His attention was also attracted by the poor people in the neighborhood. A family by the name of Bornstein lived across the street from the Campbell residence. The father was a tailor by trade, but was unable to properly support the family, which consisted of a wife and four children at that time and later six children. The deceased for many years furnished this family with groceries and clothing. All of the children were aided in a financial way to obtain an education. The youngest of these children, named Joe, seemed to be a special favorite of Mr. Campbell. He personally took this boy and entered him in school. The principal testified: "Tears came to Mr. Campbell's eyes when he left the boy at school and mentioned that he would be awful lonesome without him." It was shown by the evidence that the boy visited the Campbell home daily. On one occasion, when the weather was very cold, deceased observed a small colored boy, dressed in rags, standing on a street corner selling papers. Mr. Campbell took him to a store and purchased him an entire outfit from cap to shoes. On many occasions he would take vast numbers of children to a nearby store and purchase ice cream or candy for them. His charity work consisted of more than mere financial aid. He gave it his personal attention, which added much to the happiness of the recipients as well as to his own. The Campbell yard was used as a playground and the home was open to many of the poor children in the neighborhood. These children must indeed have believed in a Santa Claus, for they had one in their midst three hundred and sixty-five days of the year.

We could go on and give many other instances and circumstances of deceased's works of charity, as disclosed by the record. We believe enough has been said to picture the background or the setting of the stage upon which the drama was played, which gave rise to this lawsuit and in which the plaintiffs, by accident, played an important part.

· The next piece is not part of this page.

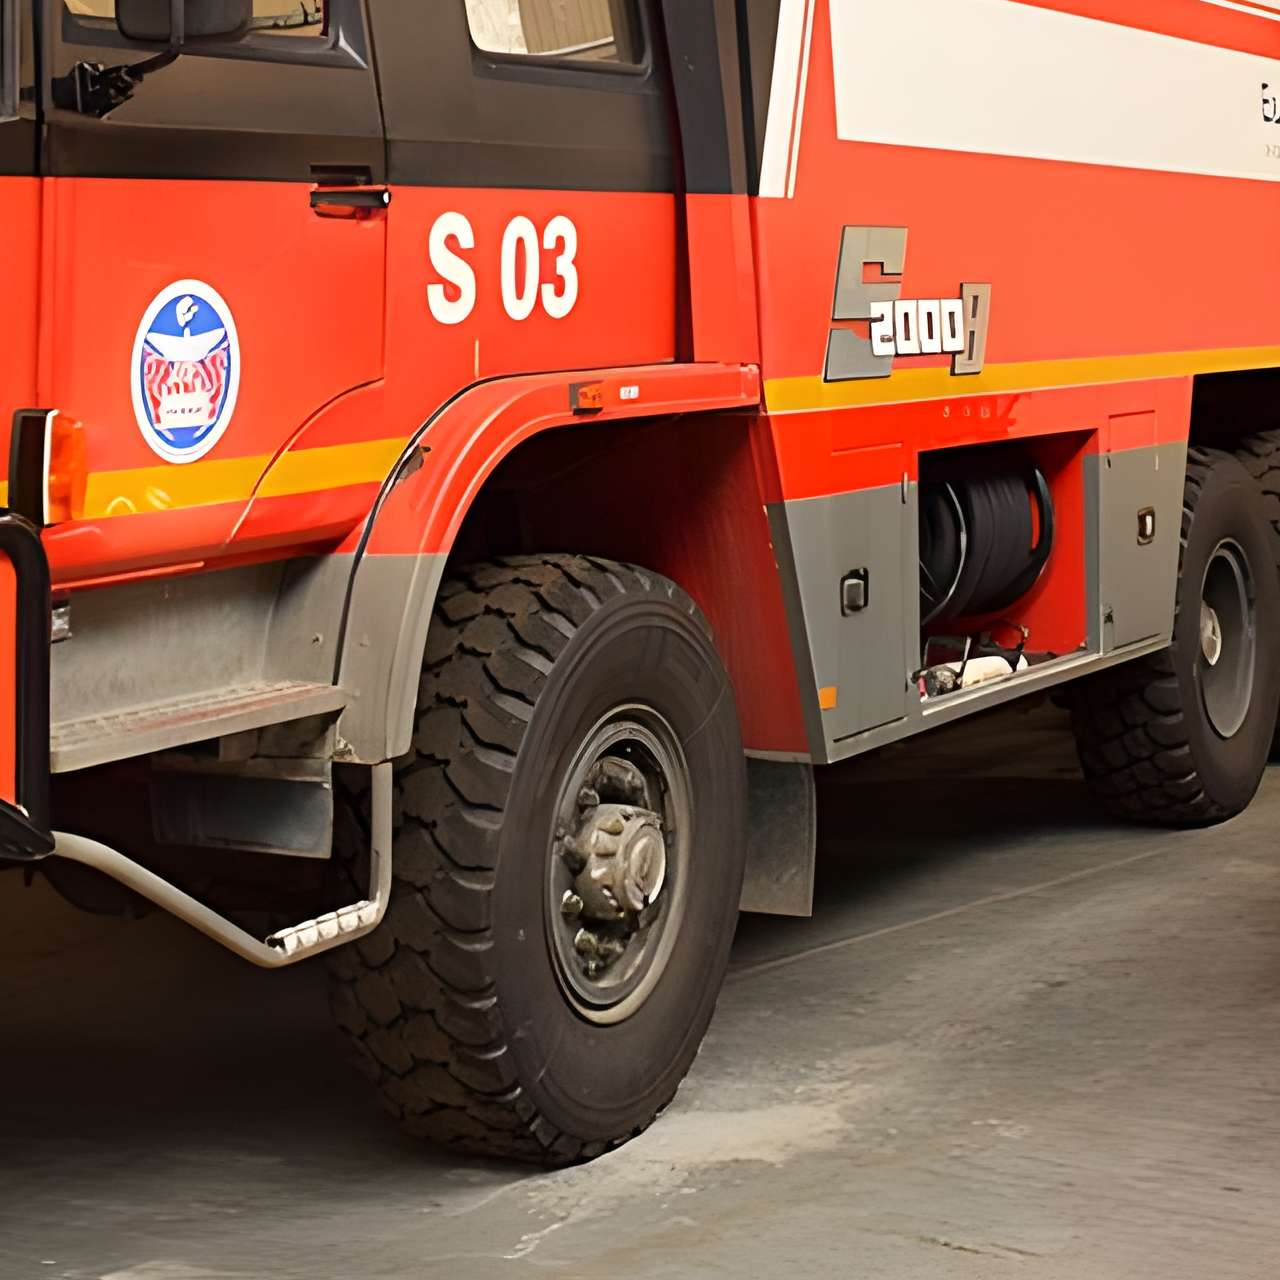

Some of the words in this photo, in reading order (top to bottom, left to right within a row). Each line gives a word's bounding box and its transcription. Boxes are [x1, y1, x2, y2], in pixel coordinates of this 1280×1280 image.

Appellants, plaintiffs below, were: Harry Furman, born February, 1906, and Adolph Furman, born July, 1907. In the year 1911, they were living in the Campbell neighborhood. During that year the father deserted the family and from thence on never aided them in any way, if in fact he ever did so. In the year 1912, the mother obtained a divorce from the father and also obtained custody of the boys. In August of that year she married one Sawyer. Sawyer, however, was not an asset, but rather a liability. Plaintiffs' mother attempted to earn a livelihood. She was employed as a scrubwoman at a furniture store. Plaintiffs were then about five and six years of age. During the day they played about the streets and were always very poorly clad and hungry. The deceased noticed them and made inquiry about their circumstances. He thereupon made arrangements with a nearby restaurant where they could obtain their meals. He also furnished them with clothing and paid their expenses at school. The boys often visited at the Campbell home where they were always welcome, and deceased grew very fond of them. Their mother died July 22, 1920, and deceased paid for the funeral expenses. The plaintiffs being without a home the deceased made arrangements with an aunt to take care of them. Later this was changed and another aunt kept the boys. Still later another change was made and a Mrs. Decker furnished a home for the boys. During all these years the deceased paid for their keeping and furnished them clothing and spending money. He also hired a music instructor for them and the lessons were given at the Campbell home. They became interested in various sports and were expert swimmers. In other words the deceased furnished plaintiffs with all the necessities of life in a rather extravagant manner.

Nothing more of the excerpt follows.